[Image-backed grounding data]
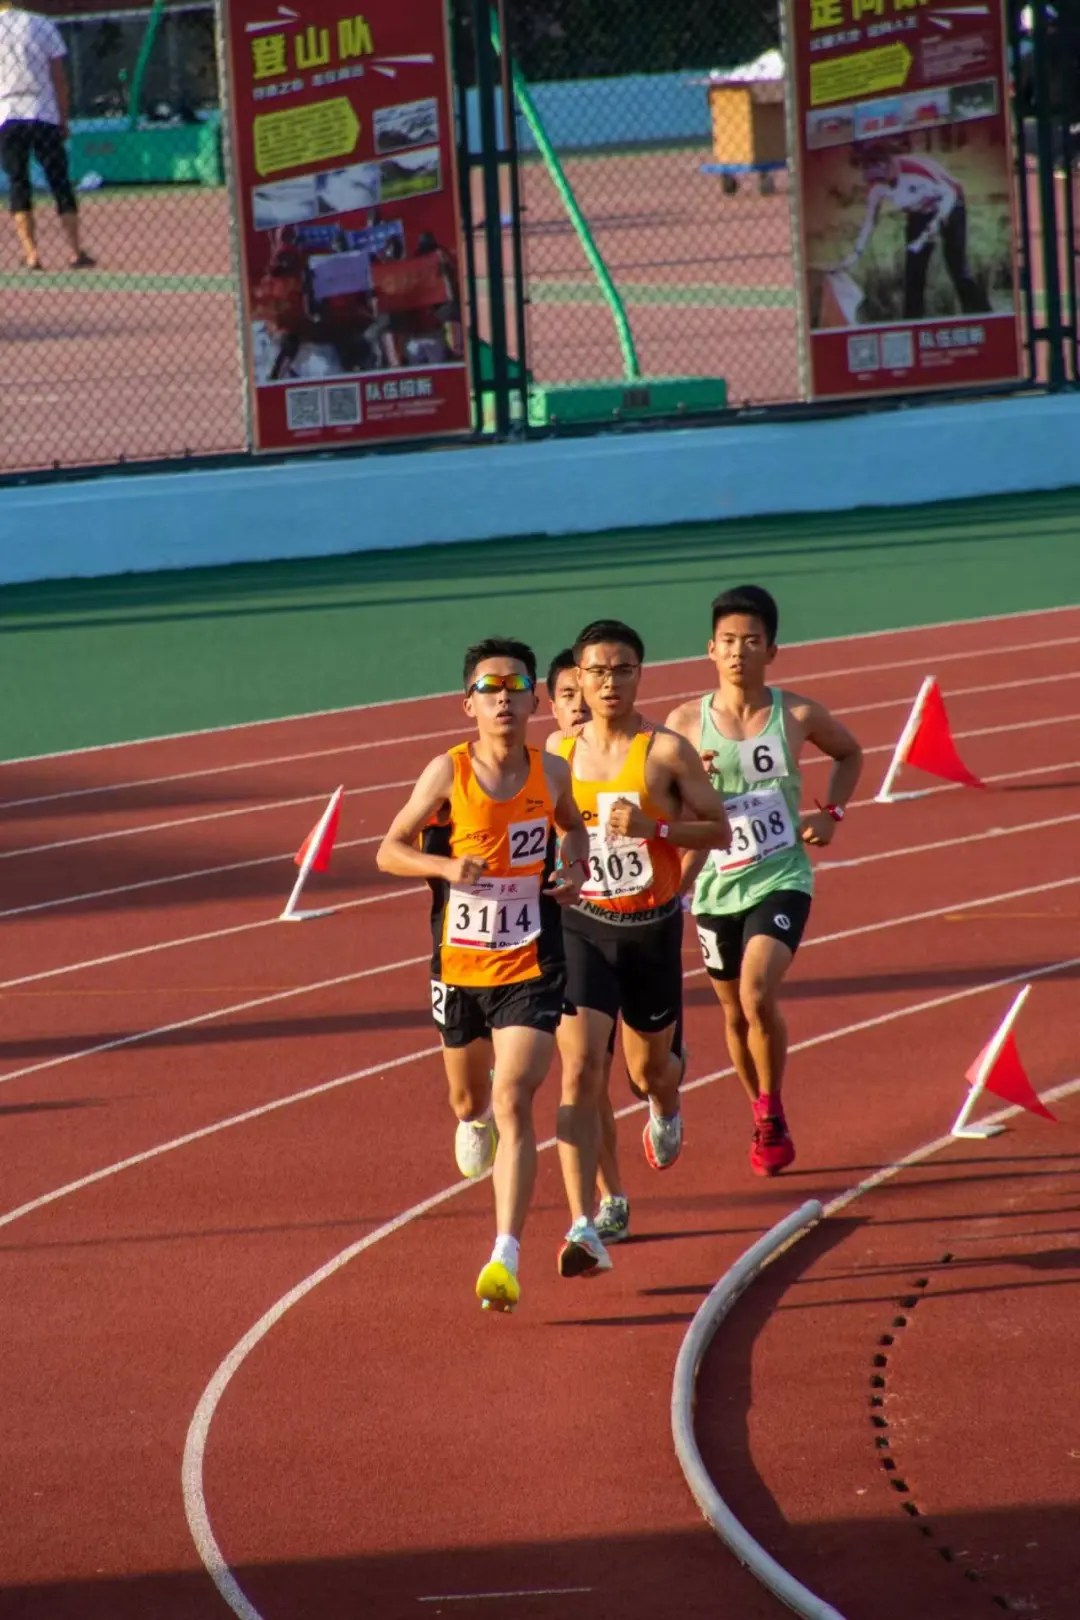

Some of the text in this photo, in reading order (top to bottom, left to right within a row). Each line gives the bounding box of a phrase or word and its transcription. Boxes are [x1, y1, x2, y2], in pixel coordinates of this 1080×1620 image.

[252, 15, 374, 79] 登山队
[753, 745, 774, 773] 6
[511, 826, 546, 859] 22
[726, 810, 785, 856] 308
[589, 851, 643, 883] 303
[456, 903, 532, 934] 3114
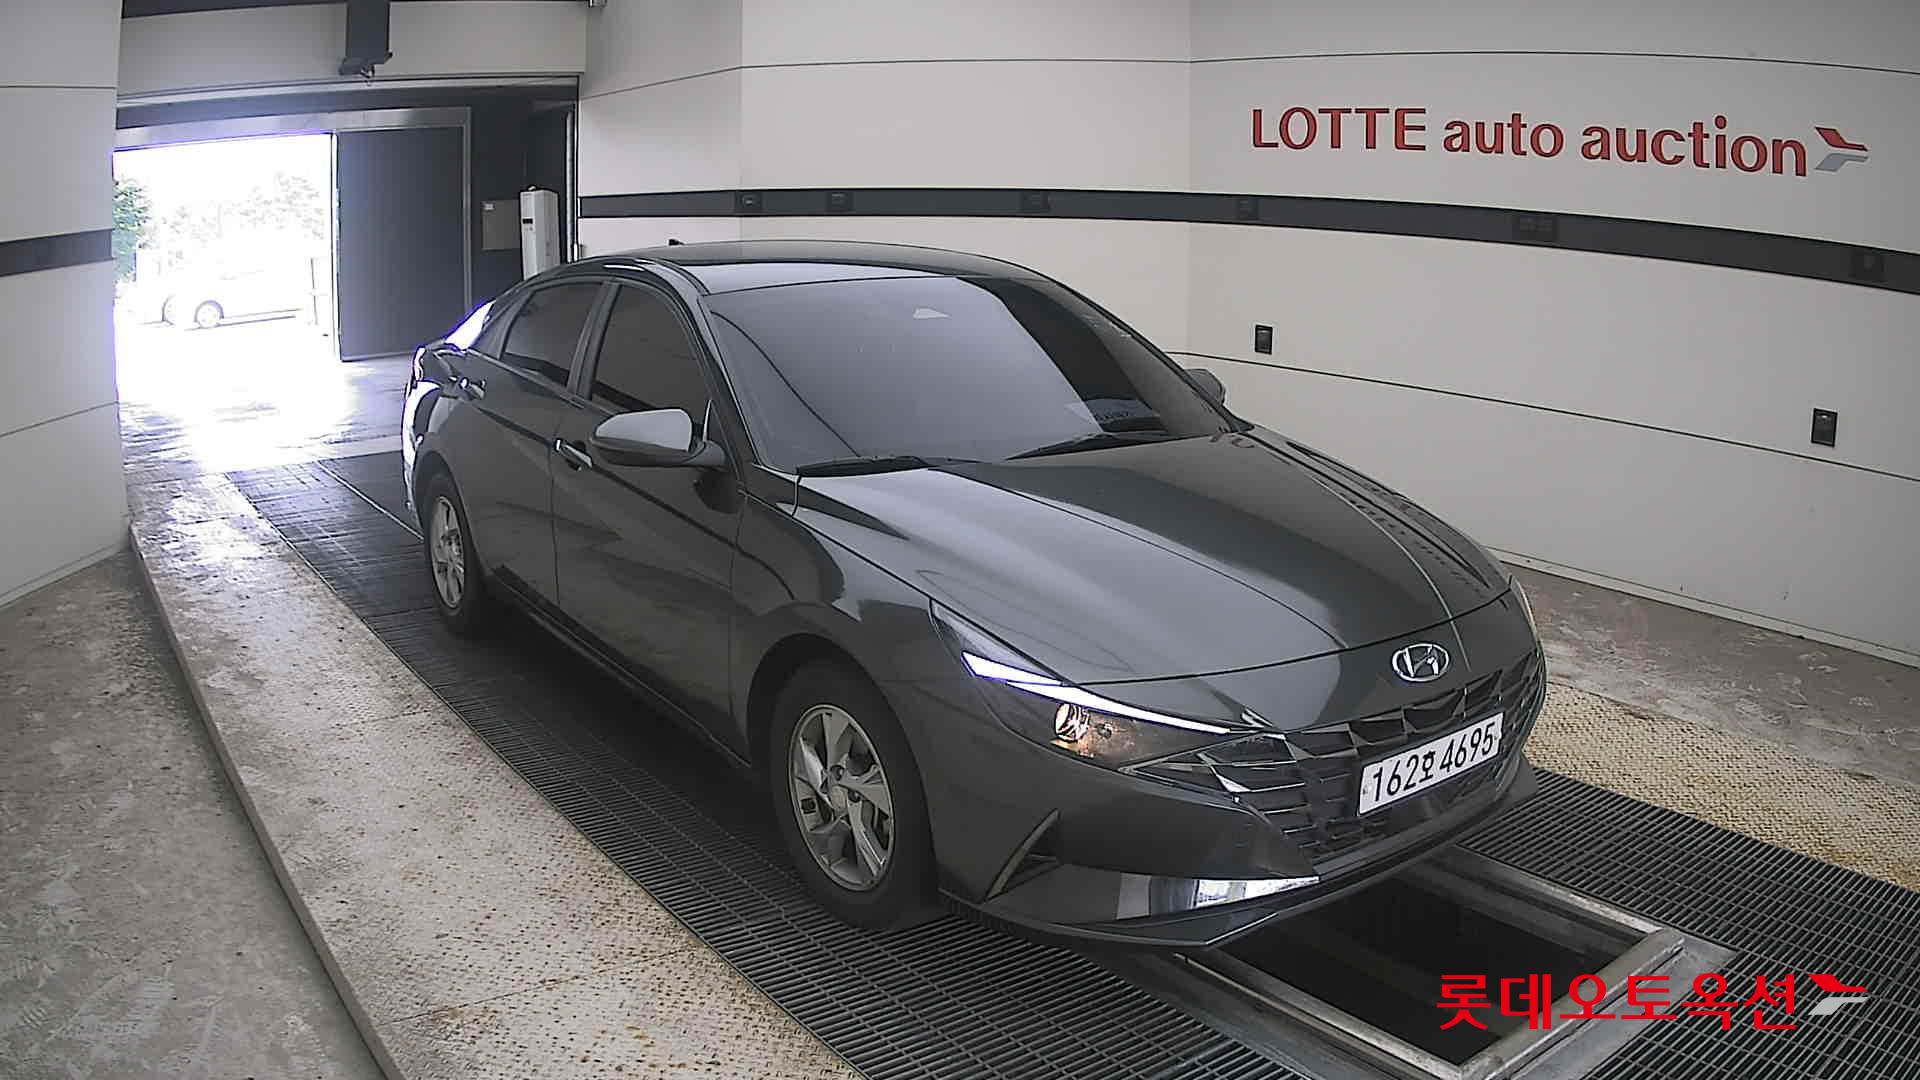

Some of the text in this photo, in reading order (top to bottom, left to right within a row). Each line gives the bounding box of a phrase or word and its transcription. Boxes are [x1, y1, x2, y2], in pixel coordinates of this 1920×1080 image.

[1251, 107, 1808, 177] LOTTE auto auction
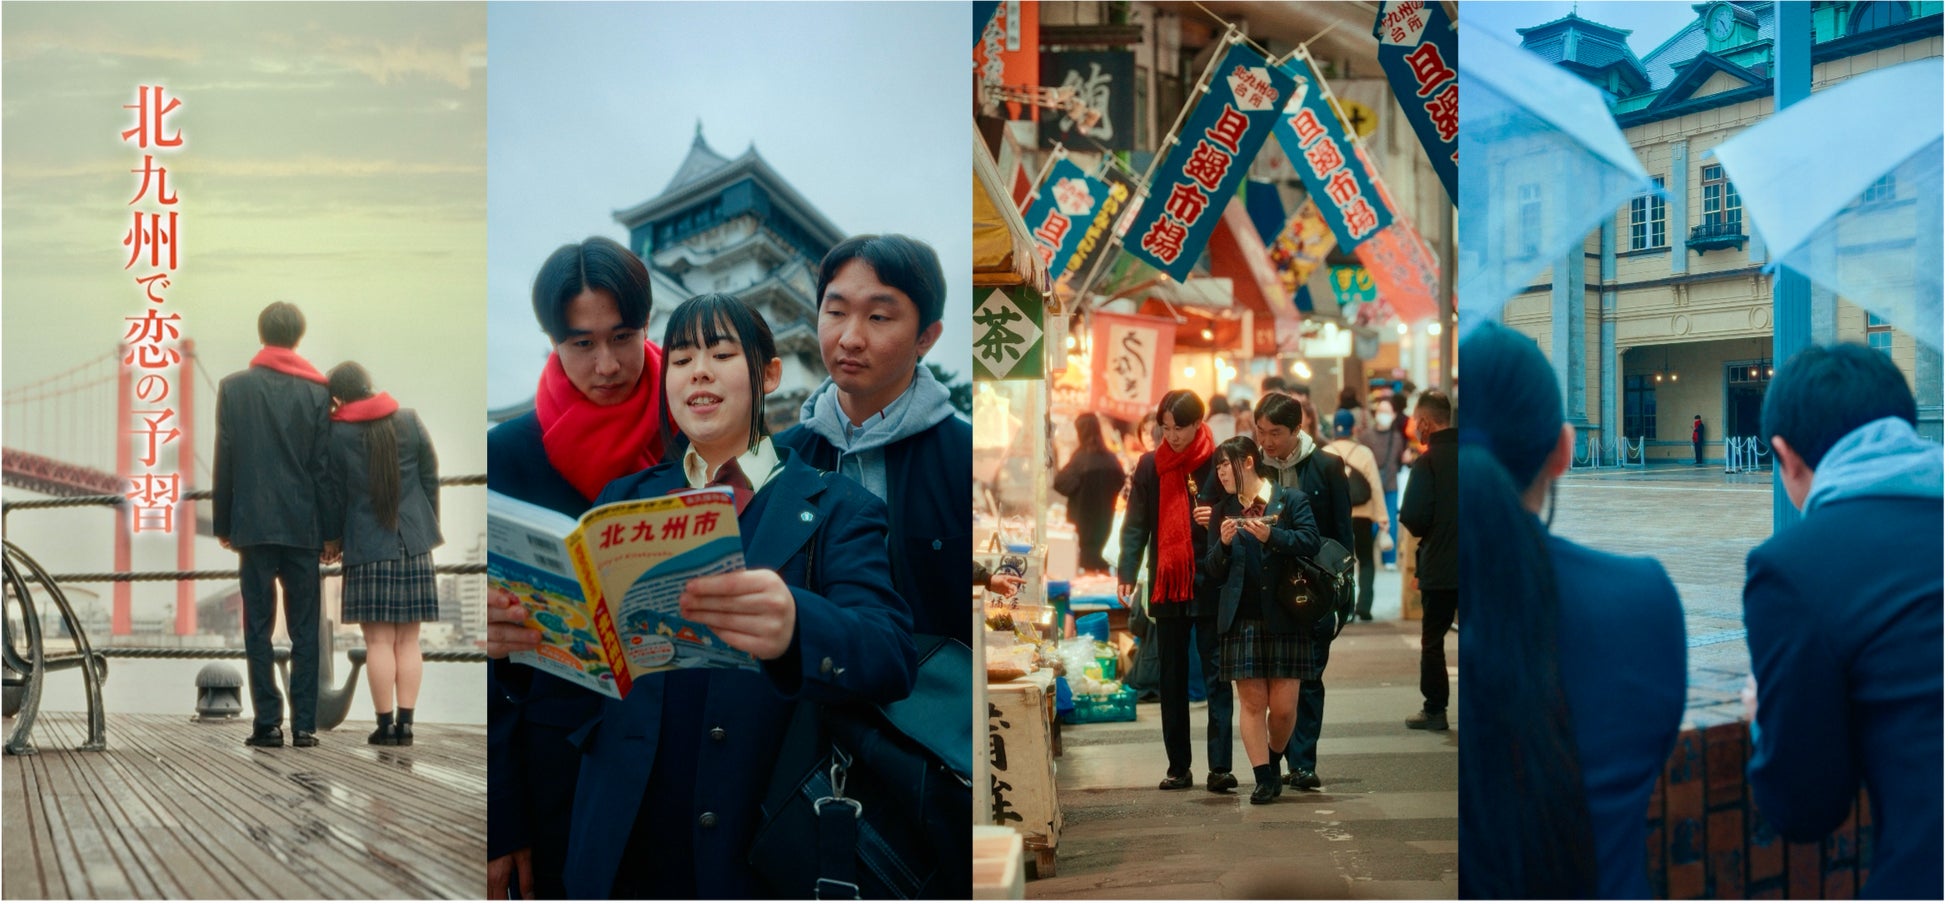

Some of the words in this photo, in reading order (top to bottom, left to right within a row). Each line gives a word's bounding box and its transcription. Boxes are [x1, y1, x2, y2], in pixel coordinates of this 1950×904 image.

[1380, 1, 1424, 34] 九州の
[1391, 14, 1423, 43] 台所
[1232, 65, 1279, 102] 北九州の
[1234, 83, 1263, 108] 台所
[1403, 41, 1458, 167] 旦過
[1142, 103, 1250, 264] 旦過市場
[1288, 107, 1378, 239] 旦過市場
[972, 305, 1025, 364] 茶
[1112, 330, 1147, 399] うなぎ
[599, 510, 721, 549] 北九州市
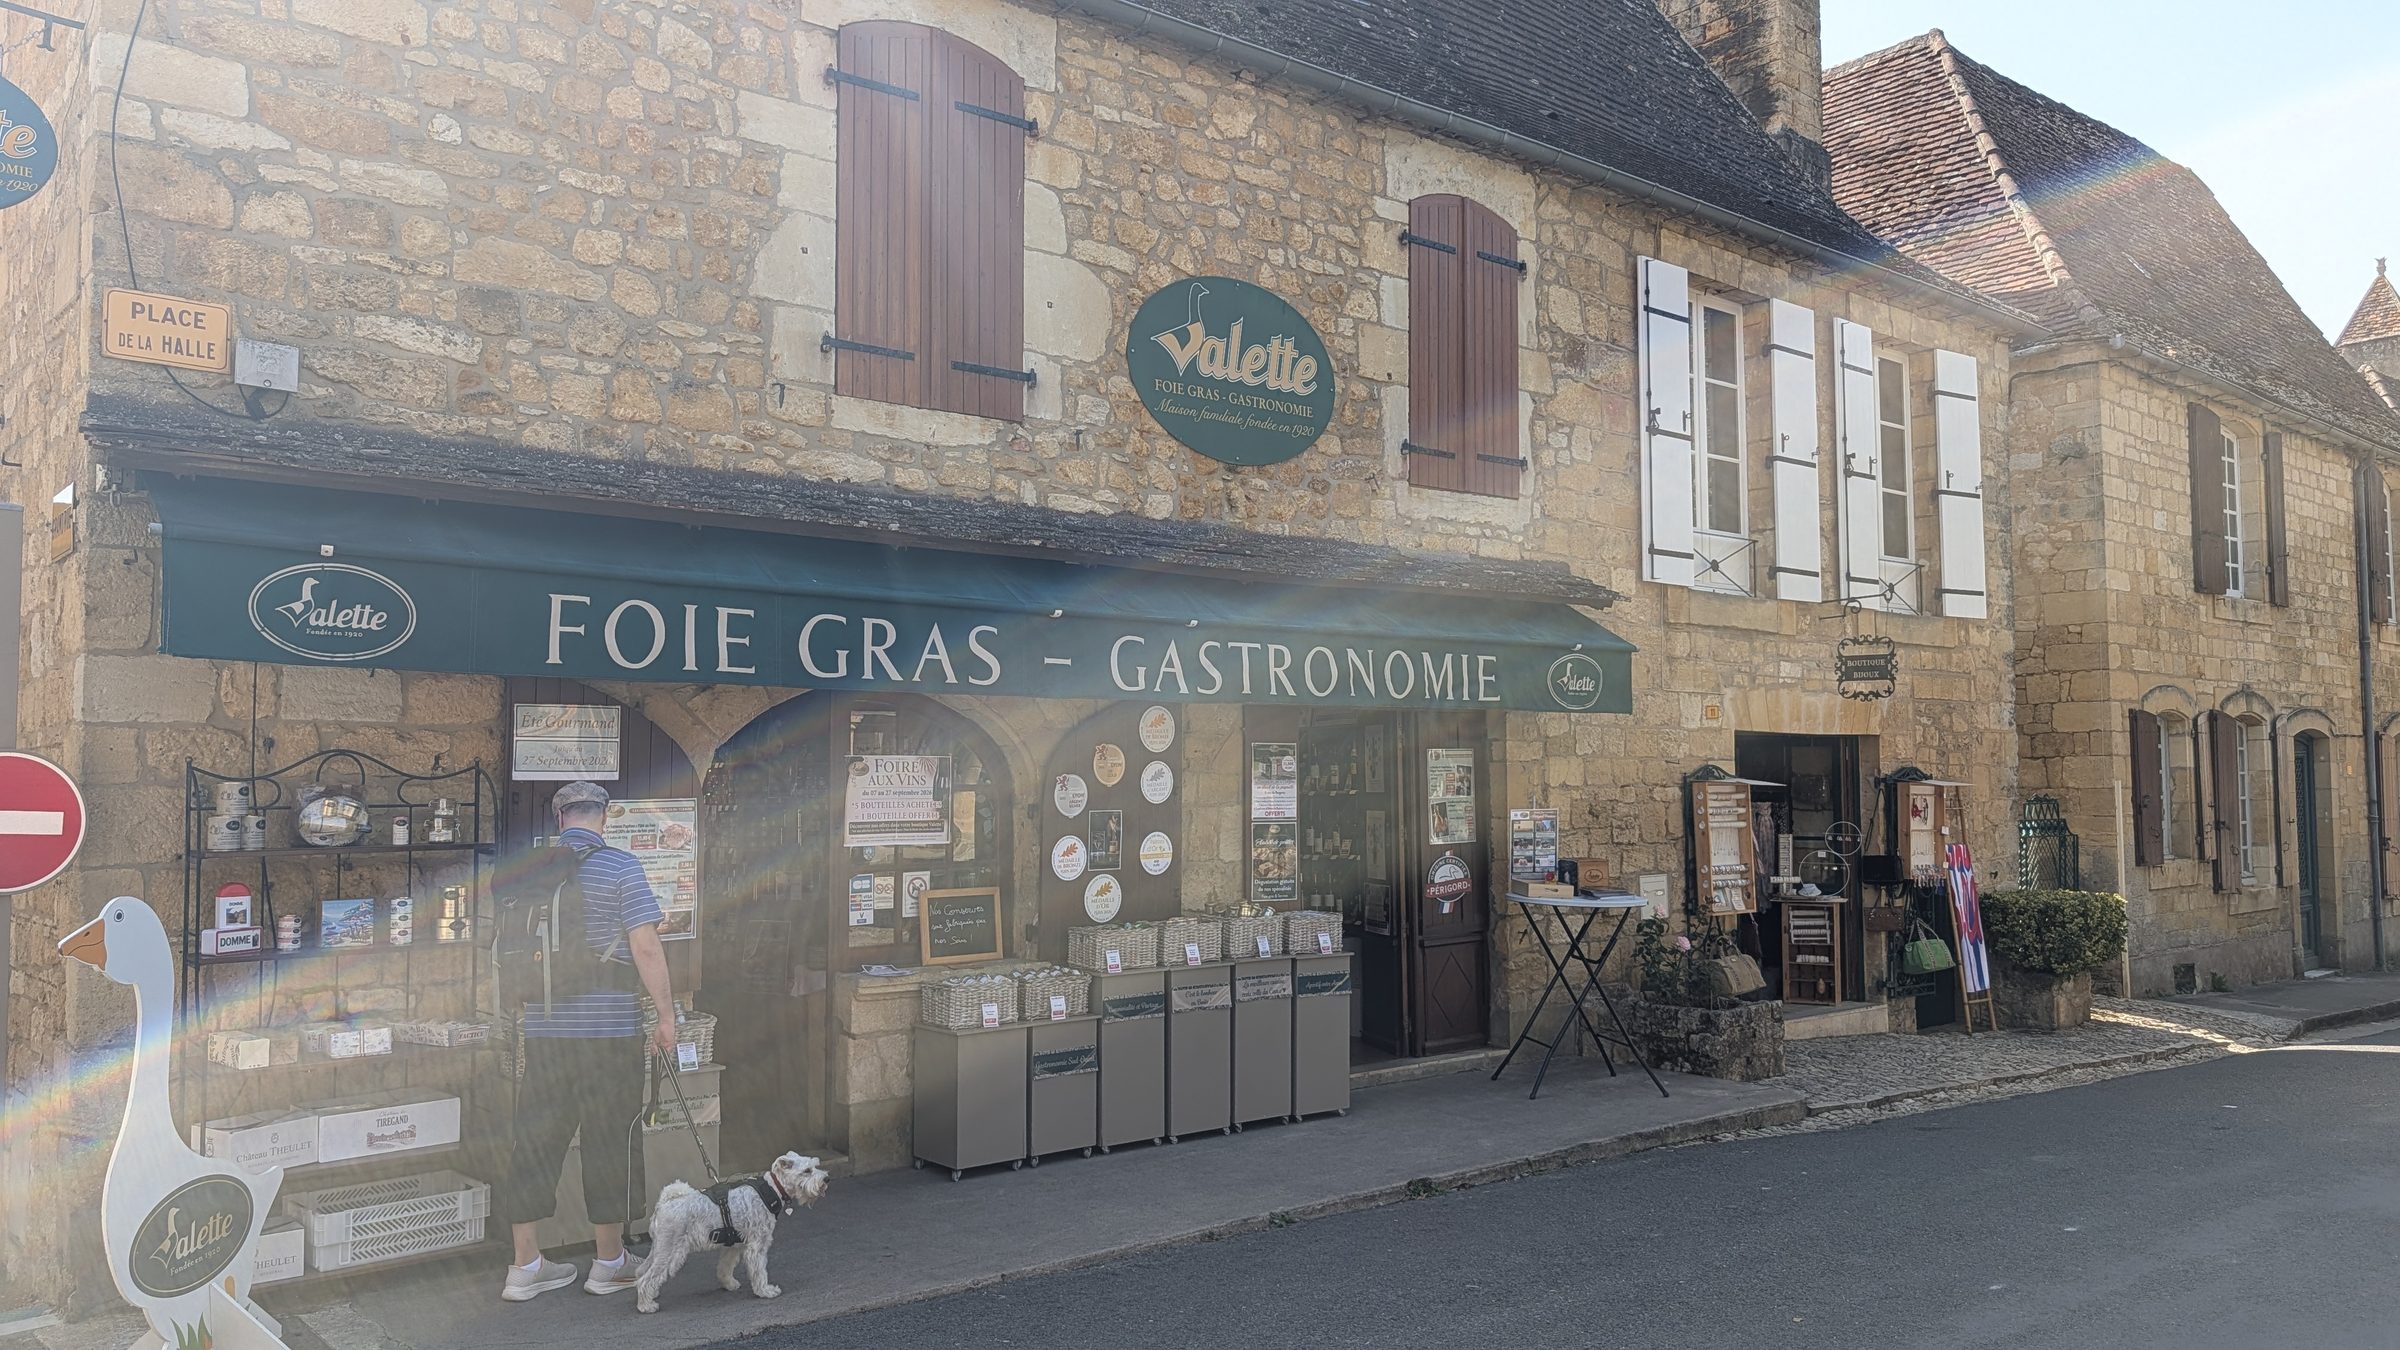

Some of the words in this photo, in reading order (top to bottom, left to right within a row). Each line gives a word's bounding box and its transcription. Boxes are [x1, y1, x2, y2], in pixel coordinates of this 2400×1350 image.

[Required work] Return the records above exactly as written. Do not include their images.

[Response to this task]
Some of the text in this photo, in reading order (top to bottom, left to right within a row). Each line gives the bounding box of a phrase or word and its transcription. Boxes are [x1, y1, x2, y2], in pixel coordinates of this 1080×1620 image.

[252, 15, 374, 79] 登山队
[753, 745, 774, 773] 6
[511, 826, 546, 859] 22
[726, 810, 785, 856] 308
[589, 851, 643, 883] 303
[456, 903, 532, 934] 3114

Some of the text in this photo, in reading order (top to bottom, left to right within a row). Each line gives the bounding box of a phrase or word and its transcription. Boxes are [x1, y1, x2, y2], in pixel coordinates of this 1920×1080 image.

[1251, 107, 1808, 177] LOTTE auto auction

Some of the words in this photo, in reading order (top to bottom, left to right within a row). Each line gives a word's bounding box and its transcription. Boxes are [x1, y1, x2, y2], in pixel coordinates of this 1950×904 image.

[1380, 1, 1424, 34] 九州の
[1391, 14, 1423, 43] 台所
[1232, 65, 1279, 102] 北九州の
[1234, 83, 1263, 108] 台所
[1403, 41, 1458, 167] 旦過
[1142, 103, 1250, 264] 旦過市場
[1288, 107, 1378, 239] 旦過市場
[972, 305, 1025, 364] 茶
[1112, 330, 1147, 399] うなぎ
[599, 510, 721, 549] 北九州市

Some of the words in this photo, in reading order (top to bottom, left to right within a row). Each line gives a word's bounding box and its transcription. Boxes are [x1, y1, x2, y2], in pixel coordinates of this 2400×1350 image.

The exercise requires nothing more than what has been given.